What you are asked to do:
Word-for-word transcription: reproduce all of the data, but not the pictures.

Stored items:
= Beginning of Section =
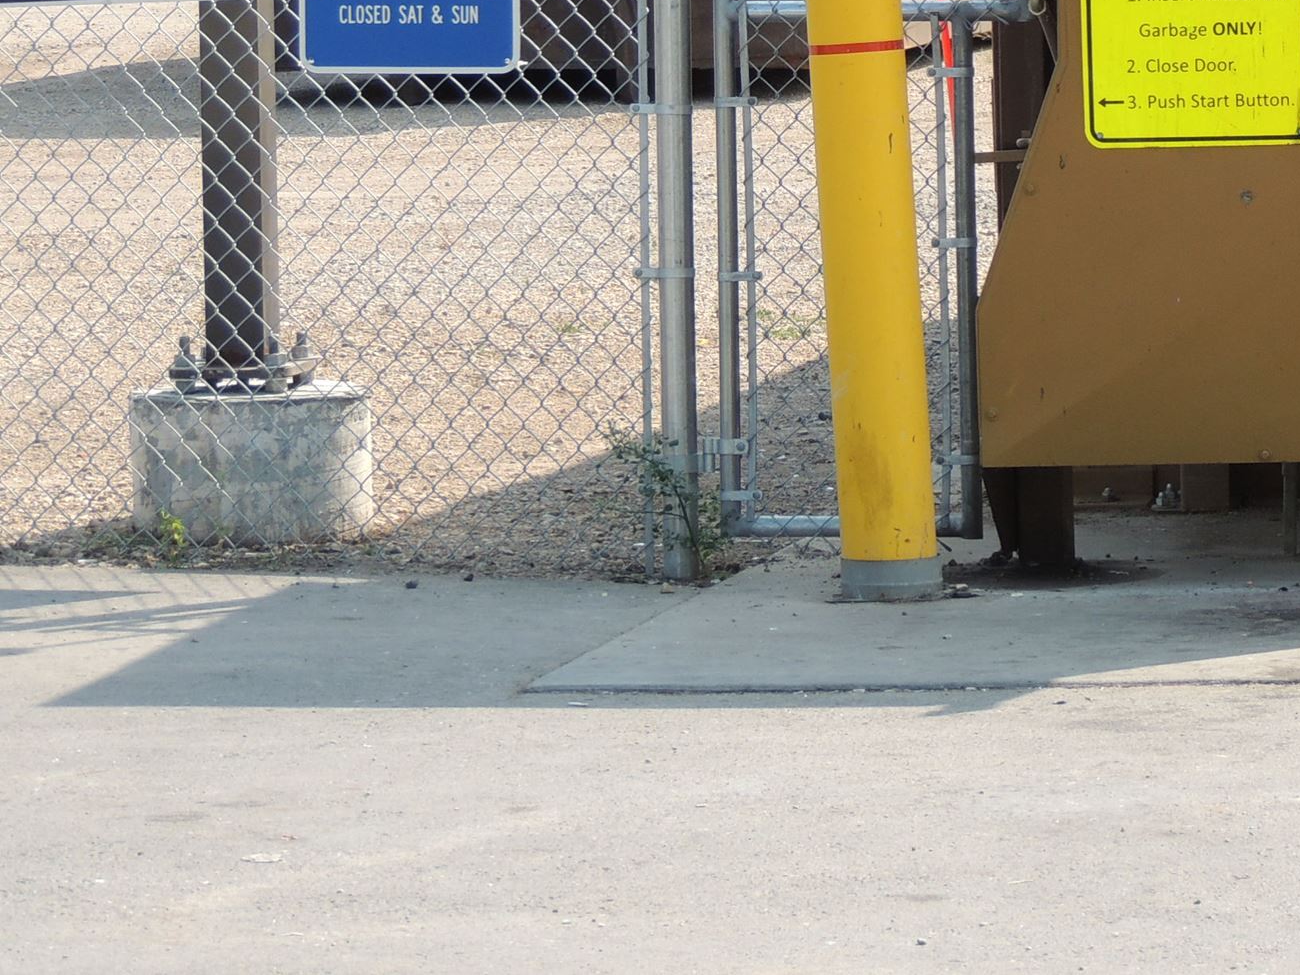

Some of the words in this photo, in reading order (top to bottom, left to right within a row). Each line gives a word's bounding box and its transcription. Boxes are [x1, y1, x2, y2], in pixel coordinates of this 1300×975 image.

[339, 5, 391, 25] CLOSED
[398, 5, 424, 25] SAT
[431, 5, 443, 25] &
[451, 5, 479, 25] SUN
[1139, 23, 1207, 39] Garbage
[1212, 21, 1262, 36] ONLY!
[1127, 59, 1141, 73] 2.
[1145, 59, 1189, 73] Close
[1194, 59, 1237, 73] Door.
[1127, 95, 1141, 109] 3.
[1147, 95, 1186, 109] Push
[1191, 94, 1229, 109] Start
[1235, 92, 1295, 107] Button.
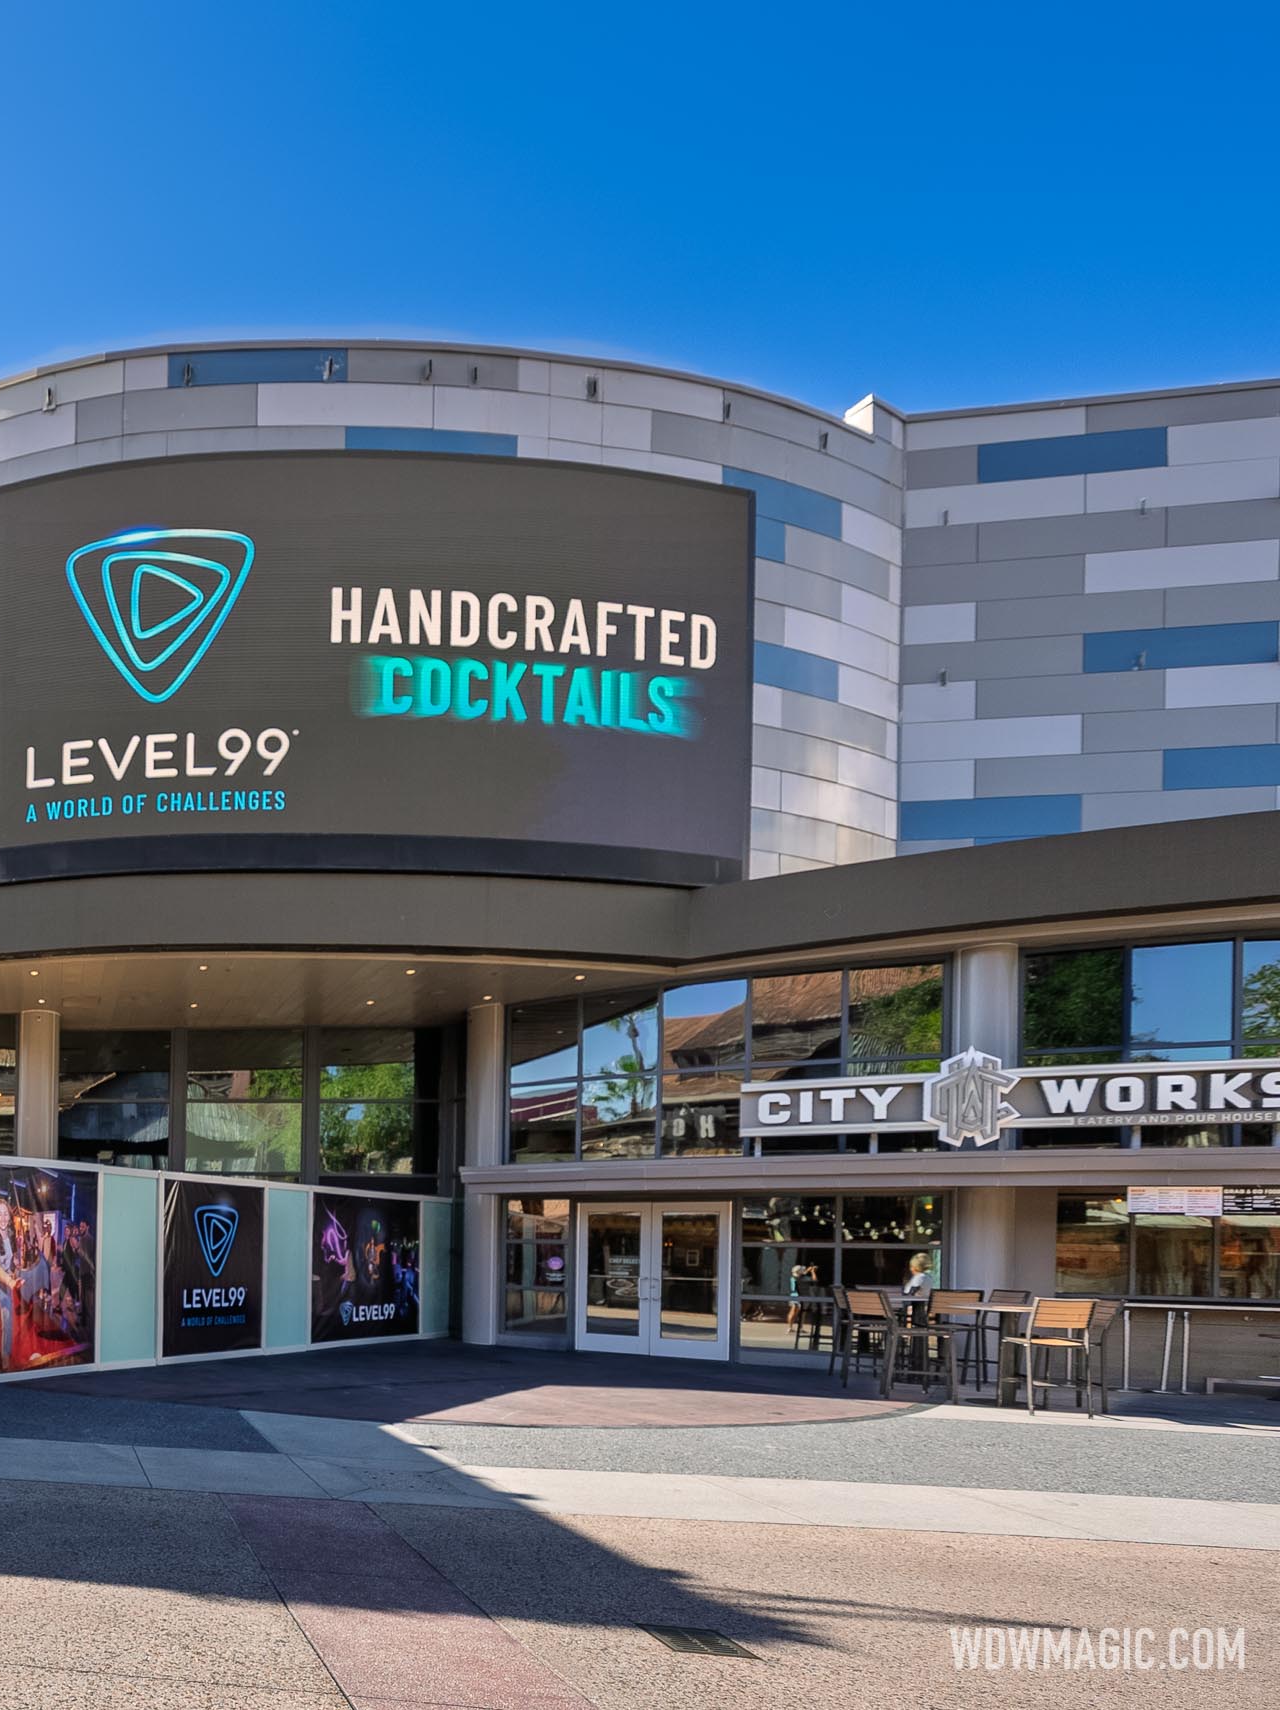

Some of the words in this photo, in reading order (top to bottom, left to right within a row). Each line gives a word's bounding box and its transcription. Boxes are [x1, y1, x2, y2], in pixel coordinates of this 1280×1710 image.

[330, 586, 718, 670] HANDCRAFTED
[368, 655, 686, 736] COCKTAILS
[25, 727, 290, 789] LEVEL99
[25, 803, 38, 823] A
[45, 796, 113, 821] WORLD
[122, 794, 148, 815] OF
[156, 789, 287, 813] CHALLENGES
[757, 1086, 904, 1125] CITY
[1077, 1115, 1134, 1127] EATERY
[1138, 1114, 1170, 1125] AND
[1175, 1112, 1217, 1124] POUR
[1221, 1111, 1273, 1122] HOUSE
[182, 1287, 245, 1309] LEVEL99
[352, 1303, 396, 1322] LEVEL99
= End of Section =
Answer to the problem:
Some of the words in this photo, in reading order (top to bottom, left to right within a row). Each line gives a word's bounding box and its transcription. Boxes are [x1, y1, x2, y2], in pixel coordinates of this 1300×975 image.

[339, 5, 391, 25] CLOSED
[398, 5, 424, 25] SAT
[431, 5, 443, 25] &
[451, 5, 479, 25] SUN
[1139, 23, 1207, 39] Garbage
[1212, 21, 1262, 36] ONLY!
[1127, 59, 1141, 73] 2.
[1145, 59, 1189, 73] Close
[1194, 59, 1237, 73] Door.
[1127, 95, 1141, 109] 3.
[1147, 95, 1186, 109] Push
[1191, 94, 1229, 109] Start
[1235, 92, 1295, 107] Button.

Some of the words in this photo, in reading order (top to bottom, left to right within a row). Each line gives a word's bounding box and its transcription. Boxes are [x1, y1, x2, y2], in pixel coordinates of this 1280×1710 image.

[330, 586, 718, 670] HANDCRAFTED
[368, 655, 686, 736] COCKTAILS
[25, 727, 290, 789] LEVEL99
[25, 803, 38, 823] A
[45, 796, 113, 821] WORLD
[122, 794, 148, 815] OF
[156, 789, 287, 813] CHALLENGES
[757, 1086, 904, 1125] CITY
[1077, 1115, 1134, 1127] EATERY
[1138, 1114, 1170, 1125] AND
[1175, 1112, 1217, 1124] POUR
[1221, 1111, 1273, 1122] HOUSE
[182, 1287, 245, 1309] LEVEL99
[352, 1303, 396, 1322] LEVEL99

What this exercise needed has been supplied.